Cancer cells resist apoptosis, cell death, by manipulating the expression of anti-apoptotic BCL-2 family proteins. These BCL-2 proteins block the release of hemeprotein cytochrome c from the mitochondria by preventing pore formation on the mitochondrial membrane. Cancer’s heterogeneity creates unique apoptotic blocks with these BCL-2 proteins that make apoptosis inducing treatments like irradiation minimally engage the apoptotic pathway.

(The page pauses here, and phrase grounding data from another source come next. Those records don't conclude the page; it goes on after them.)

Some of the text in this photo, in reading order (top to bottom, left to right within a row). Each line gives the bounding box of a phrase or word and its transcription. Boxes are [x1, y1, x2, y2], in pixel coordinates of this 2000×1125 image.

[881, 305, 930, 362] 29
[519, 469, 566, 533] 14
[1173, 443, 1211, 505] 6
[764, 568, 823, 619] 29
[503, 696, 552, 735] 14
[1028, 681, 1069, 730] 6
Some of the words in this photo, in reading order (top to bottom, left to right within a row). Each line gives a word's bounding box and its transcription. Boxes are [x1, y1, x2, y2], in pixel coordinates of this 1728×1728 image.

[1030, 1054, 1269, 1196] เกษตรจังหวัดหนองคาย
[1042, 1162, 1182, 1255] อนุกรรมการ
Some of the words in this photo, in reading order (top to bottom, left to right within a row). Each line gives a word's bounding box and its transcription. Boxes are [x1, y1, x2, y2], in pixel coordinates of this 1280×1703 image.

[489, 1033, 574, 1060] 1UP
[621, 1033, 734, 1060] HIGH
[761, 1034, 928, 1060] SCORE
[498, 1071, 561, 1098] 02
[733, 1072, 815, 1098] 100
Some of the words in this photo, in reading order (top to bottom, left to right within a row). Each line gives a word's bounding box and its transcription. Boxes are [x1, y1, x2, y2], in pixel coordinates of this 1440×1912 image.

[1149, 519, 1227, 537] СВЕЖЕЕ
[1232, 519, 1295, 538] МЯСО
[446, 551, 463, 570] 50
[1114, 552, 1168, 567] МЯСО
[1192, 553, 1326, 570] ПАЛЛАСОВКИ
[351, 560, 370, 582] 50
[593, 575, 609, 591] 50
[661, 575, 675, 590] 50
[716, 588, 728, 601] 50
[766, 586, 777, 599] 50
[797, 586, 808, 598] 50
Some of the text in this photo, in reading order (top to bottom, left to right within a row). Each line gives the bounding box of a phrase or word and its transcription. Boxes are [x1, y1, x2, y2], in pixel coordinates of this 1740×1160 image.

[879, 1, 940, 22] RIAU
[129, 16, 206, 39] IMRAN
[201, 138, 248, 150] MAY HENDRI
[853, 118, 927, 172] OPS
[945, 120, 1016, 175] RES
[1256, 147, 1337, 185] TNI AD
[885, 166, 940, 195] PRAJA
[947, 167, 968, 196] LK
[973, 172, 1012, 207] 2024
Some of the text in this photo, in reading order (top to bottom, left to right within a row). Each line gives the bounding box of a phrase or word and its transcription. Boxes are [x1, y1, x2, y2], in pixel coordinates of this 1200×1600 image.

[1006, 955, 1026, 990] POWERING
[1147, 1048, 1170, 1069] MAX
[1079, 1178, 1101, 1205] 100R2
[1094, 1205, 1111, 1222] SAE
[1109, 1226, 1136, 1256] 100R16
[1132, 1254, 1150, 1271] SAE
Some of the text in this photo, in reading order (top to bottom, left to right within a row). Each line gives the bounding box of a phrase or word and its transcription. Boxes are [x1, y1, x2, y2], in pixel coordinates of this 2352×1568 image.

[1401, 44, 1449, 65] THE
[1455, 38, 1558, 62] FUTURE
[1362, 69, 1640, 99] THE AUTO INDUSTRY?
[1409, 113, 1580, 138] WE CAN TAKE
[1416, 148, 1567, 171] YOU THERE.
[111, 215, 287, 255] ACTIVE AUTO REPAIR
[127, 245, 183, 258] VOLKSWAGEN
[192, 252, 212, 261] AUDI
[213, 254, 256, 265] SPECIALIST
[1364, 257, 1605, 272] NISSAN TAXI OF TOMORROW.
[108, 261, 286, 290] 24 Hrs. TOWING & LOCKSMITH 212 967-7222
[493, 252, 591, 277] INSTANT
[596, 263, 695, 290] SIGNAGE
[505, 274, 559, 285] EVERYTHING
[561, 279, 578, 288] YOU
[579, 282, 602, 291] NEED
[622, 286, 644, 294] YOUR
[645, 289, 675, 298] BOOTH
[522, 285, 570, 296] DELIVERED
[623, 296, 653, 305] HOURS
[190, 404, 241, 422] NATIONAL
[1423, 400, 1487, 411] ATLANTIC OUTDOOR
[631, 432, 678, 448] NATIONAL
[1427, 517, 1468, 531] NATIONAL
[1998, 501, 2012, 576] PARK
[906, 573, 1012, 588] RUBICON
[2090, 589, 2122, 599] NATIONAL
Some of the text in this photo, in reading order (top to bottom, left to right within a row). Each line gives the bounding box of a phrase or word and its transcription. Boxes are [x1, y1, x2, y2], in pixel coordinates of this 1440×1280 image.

Exome sequencing of glioblastoma multiforme (GBM) cells illustrated mutations to oncogenes and tumor suppressors in the cell dysregulate the apoptotic dependence cells have to BCL-2 proteins. Using a technique called BH3 profiling, we subjected GBM cells to BH3 mimetics, BCL-2 inhibiting peptides, and measured cytochrome c release and identified a particular dependence on BCLXL and MCL-1 proteins. A synergy score of the peptides found that the BCLXL and MCL-1 inhibitors had far greater total effect than the other mimetics. Careful titration of these mimetics in GBM showed dosage of 1000 nM of BCLXLi and 250 nM of MCL-1i for optimal apoptotic response. We found that GBM apoptosis has a dependency on BCLXL and MCL-1 proteins and BH3 profiling can effectively predict apoptotic response to BH3 mimetics. Understanding the apoptotic mechanisms of GBM and use of BH3 assay to identify apoptotic dependencies may better advise the therapeutic strategies for this cancer.